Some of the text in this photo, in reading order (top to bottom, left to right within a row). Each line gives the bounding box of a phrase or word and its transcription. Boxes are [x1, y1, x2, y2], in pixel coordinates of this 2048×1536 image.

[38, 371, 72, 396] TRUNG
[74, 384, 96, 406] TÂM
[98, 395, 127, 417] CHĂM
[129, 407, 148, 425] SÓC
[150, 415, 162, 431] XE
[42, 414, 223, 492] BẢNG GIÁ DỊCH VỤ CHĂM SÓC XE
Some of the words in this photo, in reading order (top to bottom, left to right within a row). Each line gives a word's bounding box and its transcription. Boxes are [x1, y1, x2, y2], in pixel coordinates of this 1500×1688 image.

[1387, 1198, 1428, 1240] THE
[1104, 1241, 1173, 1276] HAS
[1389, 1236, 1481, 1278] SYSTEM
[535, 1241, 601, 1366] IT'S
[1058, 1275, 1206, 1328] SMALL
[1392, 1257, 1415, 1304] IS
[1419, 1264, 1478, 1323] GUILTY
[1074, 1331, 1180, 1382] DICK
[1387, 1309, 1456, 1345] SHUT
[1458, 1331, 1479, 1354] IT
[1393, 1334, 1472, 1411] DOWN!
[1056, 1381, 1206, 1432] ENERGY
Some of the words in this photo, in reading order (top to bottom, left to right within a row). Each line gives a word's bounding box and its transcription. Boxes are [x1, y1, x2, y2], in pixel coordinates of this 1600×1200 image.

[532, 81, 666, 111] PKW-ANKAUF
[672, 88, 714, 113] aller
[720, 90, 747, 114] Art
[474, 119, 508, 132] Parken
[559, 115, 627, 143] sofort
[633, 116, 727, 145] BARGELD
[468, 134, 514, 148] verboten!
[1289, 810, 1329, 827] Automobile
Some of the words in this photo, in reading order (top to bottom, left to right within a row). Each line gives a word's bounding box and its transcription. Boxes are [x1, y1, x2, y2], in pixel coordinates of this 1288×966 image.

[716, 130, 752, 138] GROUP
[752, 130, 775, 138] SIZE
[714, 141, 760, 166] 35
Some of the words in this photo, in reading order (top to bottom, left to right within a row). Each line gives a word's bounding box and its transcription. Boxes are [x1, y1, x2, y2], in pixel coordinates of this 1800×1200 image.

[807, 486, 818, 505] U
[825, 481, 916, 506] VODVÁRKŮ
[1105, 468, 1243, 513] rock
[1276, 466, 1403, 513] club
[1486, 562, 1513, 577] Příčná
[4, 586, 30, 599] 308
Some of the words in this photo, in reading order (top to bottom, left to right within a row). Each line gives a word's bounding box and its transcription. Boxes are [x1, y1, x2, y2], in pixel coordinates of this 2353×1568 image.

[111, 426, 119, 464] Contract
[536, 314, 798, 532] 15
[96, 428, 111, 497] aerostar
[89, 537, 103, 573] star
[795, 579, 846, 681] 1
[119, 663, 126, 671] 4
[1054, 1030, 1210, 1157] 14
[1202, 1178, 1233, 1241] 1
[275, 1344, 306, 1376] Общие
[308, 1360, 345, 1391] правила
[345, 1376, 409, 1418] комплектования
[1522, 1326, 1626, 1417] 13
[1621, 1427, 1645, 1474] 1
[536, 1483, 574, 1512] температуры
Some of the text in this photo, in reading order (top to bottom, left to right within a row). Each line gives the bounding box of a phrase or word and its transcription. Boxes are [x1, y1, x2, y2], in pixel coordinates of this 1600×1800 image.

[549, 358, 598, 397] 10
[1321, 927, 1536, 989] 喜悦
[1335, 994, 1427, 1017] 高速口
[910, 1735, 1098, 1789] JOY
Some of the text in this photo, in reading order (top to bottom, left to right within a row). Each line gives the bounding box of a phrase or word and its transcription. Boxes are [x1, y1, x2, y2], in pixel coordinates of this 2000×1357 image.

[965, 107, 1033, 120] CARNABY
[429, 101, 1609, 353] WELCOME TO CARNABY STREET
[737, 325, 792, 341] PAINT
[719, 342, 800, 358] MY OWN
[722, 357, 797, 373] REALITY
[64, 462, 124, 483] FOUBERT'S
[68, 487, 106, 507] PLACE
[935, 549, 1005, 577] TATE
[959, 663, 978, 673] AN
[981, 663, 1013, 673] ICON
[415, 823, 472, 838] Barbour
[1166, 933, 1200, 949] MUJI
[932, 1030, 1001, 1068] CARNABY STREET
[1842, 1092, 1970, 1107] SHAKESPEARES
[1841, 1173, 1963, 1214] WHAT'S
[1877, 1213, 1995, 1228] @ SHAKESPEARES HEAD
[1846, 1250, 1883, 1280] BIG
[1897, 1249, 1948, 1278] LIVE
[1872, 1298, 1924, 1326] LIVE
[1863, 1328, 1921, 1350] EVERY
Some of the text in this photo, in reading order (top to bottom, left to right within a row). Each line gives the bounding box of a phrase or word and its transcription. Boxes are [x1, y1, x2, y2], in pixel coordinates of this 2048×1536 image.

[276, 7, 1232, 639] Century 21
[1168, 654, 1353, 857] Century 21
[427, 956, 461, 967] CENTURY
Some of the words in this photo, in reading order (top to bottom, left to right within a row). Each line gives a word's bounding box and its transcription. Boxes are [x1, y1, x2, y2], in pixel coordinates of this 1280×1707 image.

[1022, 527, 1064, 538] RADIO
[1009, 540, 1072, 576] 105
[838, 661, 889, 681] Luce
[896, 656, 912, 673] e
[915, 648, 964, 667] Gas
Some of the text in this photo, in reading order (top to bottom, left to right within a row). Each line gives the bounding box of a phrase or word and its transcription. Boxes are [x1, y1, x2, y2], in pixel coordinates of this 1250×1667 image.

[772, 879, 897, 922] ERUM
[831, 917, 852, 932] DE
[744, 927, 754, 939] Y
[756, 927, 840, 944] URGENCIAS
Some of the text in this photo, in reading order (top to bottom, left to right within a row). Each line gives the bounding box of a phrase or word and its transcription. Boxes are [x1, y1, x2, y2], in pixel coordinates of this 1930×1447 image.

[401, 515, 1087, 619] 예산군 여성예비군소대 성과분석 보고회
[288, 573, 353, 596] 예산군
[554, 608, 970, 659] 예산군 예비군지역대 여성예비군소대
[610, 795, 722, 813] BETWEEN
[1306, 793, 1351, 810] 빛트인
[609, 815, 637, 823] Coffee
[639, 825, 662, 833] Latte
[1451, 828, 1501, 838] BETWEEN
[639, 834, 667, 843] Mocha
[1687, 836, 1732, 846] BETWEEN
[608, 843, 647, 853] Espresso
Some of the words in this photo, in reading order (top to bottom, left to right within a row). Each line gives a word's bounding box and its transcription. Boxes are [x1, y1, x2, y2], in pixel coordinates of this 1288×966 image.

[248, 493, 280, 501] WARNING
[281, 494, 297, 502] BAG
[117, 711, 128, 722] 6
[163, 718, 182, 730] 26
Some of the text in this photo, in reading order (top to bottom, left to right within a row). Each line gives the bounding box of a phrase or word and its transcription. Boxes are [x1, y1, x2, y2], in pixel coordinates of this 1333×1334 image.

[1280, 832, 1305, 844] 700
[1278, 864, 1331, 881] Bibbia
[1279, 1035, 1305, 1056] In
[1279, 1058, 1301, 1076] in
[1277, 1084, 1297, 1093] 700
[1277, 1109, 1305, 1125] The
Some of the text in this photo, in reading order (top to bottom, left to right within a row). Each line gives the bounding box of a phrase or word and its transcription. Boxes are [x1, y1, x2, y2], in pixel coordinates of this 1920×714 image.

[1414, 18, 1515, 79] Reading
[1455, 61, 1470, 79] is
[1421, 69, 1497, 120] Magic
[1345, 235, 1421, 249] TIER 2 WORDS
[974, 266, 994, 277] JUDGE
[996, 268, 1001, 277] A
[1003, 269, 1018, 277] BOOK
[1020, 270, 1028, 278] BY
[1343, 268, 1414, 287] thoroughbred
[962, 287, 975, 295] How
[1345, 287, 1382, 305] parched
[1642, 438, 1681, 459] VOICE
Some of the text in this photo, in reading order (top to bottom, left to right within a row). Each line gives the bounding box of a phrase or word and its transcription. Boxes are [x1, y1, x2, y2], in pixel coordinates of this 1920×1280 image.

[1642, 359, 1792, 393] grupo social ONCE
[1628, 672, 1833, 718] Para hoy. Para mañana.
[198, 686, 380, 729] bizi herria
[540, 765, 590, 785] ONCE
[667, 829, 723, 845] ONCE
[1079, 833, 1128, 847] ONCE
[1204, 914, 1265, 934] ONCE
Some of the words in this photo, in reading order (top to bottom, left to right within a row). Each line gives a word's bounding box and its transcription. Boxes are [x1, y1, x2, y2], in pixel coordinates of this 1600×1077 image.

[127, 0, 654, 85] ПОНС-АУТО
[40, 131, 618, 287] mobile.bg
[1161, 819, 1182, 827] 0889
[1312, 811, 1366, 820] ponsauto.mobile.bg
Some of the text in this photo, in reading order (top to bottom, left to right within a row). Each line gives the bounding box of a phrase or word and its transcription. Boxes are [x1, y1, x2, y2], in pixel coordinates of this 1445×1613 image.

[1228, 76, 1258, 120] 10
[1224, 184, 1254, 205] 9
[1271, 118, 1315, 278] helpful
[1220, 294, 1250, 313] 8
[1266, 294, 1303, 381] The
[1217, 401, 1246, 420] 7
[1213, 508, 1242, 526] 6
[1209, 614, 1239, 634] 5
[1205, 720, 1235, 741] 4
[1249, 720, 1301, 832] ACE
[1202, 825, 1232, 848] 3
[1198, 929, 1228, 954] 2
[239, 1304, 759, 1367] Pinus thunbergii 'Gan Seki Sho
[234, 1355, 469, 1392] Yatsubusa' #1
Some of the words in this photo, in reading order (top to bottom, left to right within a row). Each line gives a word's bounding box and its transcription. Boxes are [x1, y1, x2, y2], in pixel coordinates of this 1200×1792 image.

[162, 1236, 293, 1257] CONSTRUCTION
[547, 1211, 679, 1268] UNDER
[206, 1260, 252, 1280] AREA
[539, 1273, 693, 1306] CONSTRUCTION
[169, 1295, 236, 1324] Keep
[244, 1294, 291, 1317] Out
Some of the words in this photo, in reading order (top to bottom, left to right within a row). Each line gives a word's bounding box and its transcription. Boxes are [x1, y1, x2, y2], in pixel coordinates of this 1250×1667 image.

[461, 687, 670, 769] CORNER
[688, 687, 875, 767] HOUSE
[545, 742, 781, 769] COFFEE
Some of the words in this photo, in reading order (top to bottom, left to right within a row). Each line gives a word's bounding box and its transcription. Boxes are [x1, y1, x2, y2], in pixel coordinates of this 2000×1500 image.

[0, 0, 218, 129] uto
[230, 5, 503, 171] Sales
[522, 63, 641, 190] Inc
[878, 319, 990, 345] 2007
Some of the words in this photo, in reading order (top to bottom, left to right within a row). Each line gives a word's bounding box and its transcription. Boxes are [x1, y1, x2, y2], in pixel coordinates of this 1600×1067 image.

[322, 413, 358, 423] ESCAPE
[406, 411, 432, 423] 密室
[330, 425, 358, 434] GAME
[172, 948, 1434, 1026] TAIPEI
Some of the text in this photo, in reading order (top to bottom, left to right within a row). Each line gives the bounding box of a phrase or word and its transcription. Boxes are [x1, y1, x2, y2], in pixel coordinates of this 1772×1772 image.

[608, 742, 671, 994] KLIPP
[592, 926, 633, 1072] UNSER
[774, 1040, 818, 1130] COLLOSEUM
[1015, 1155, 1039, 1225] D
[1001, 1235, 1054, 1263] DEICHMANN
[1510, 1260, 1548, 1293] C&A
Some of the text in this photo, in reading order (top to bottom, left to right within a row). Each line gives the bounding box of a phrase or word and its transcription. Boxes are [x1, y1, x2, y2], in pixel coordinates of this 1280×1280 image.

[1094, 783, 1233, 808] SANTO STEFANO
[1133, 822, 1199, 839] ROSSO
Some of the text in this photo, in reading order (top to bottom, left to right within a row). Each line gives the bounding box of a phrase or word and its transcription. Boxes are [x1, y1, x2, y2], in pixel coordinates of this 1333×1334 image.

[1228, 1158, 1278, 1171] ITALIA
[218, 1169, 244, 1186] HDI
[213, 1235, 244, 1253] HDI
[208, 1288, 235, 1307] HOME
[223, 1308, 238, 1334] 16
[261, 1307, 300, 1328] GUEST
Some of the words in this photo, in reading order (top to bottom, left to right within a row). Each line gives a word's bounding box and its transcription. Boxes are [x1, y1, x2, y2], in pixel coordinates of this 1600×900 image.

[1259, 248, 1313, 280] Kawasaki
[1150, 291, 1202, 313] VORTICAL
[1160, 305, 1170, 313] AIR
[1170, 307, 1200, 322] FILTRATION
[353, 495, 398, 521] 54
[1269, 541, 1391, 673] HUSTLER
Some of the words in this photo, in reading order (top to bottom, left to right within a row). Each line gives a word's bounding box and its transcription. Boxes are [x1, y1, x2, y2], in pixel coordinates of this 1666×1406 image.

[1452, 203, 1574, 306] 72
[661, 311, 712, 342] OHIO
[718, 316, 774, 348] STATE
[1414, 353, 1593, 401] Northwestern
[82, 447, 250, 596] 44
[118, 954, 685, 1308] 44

§ Work request
All lines starting at the one holding "this 1280×1280 image." and ending at the last line above must be output exactly, and no other line may appear.

§ Result of the task
Some of the text in this photo, in reading order (top to bottom, left to right within a row). Each line gives the bounding box of a phrase or word and its transcription. Boxes are [x1, y1, x2, y2], in pixel coordinates of this 1280×1280 image.

[1094, 783, 1233, 808] SANTO STEFANO
[1133, 822, 1199, 839] ROSSO
Some of the text in this photo, in reading order (top to bottom, left to right within a row). Each line gives the bounding box of a phrase or word and its transcription. Boxes are [x1, y1, x2, y2], in pixel coordinates of this 1333×1334 image.

[1228, 1158, 1278, 1171] ITALIA
[218, 1169, 244, 1186] HDI
[213, 1235, 244, 1253] HDI
[208, 1288, 235, 1307] HOME
[223, 1308, 238, 1334] 16
[261, 1307, 300, 1328] GUEST
Some of the words in this photo, in reading order (top to bottom, left to right within a row). Each line gives a word's bounding box and its transcription. Boxes are [x1, y1, x2, y2], in pixel coordinates of this 1600×900 image.

[1259, 248, 1313, 280] Kawasaki
[1150, 291, 1202, 313] VORTICAL
[1160, 305, 1170, 313] AIR
[1170, 307, 1200, 322] FILTRATION
[353, 495, 398, 521] 54
[1269, 541, 1391, 673] HUSTLER
Some of the words in this photo, in reading order (top to bottom, left to right within a row). Each line gives a word's bounding box and its transcription. Boxes are [x1, y1, x2, y2], in pixel coordinates of this 1666×1406 image.

[1452, 203, 1574, 306] 72
[661, 311, 712, 342] OHIO
[718, 316, 774, 348] STATE
[1414, 353, 1593, 401] Northwestern
[82, 447, 250, 596] 44
[118, 954, 685, 1308] 44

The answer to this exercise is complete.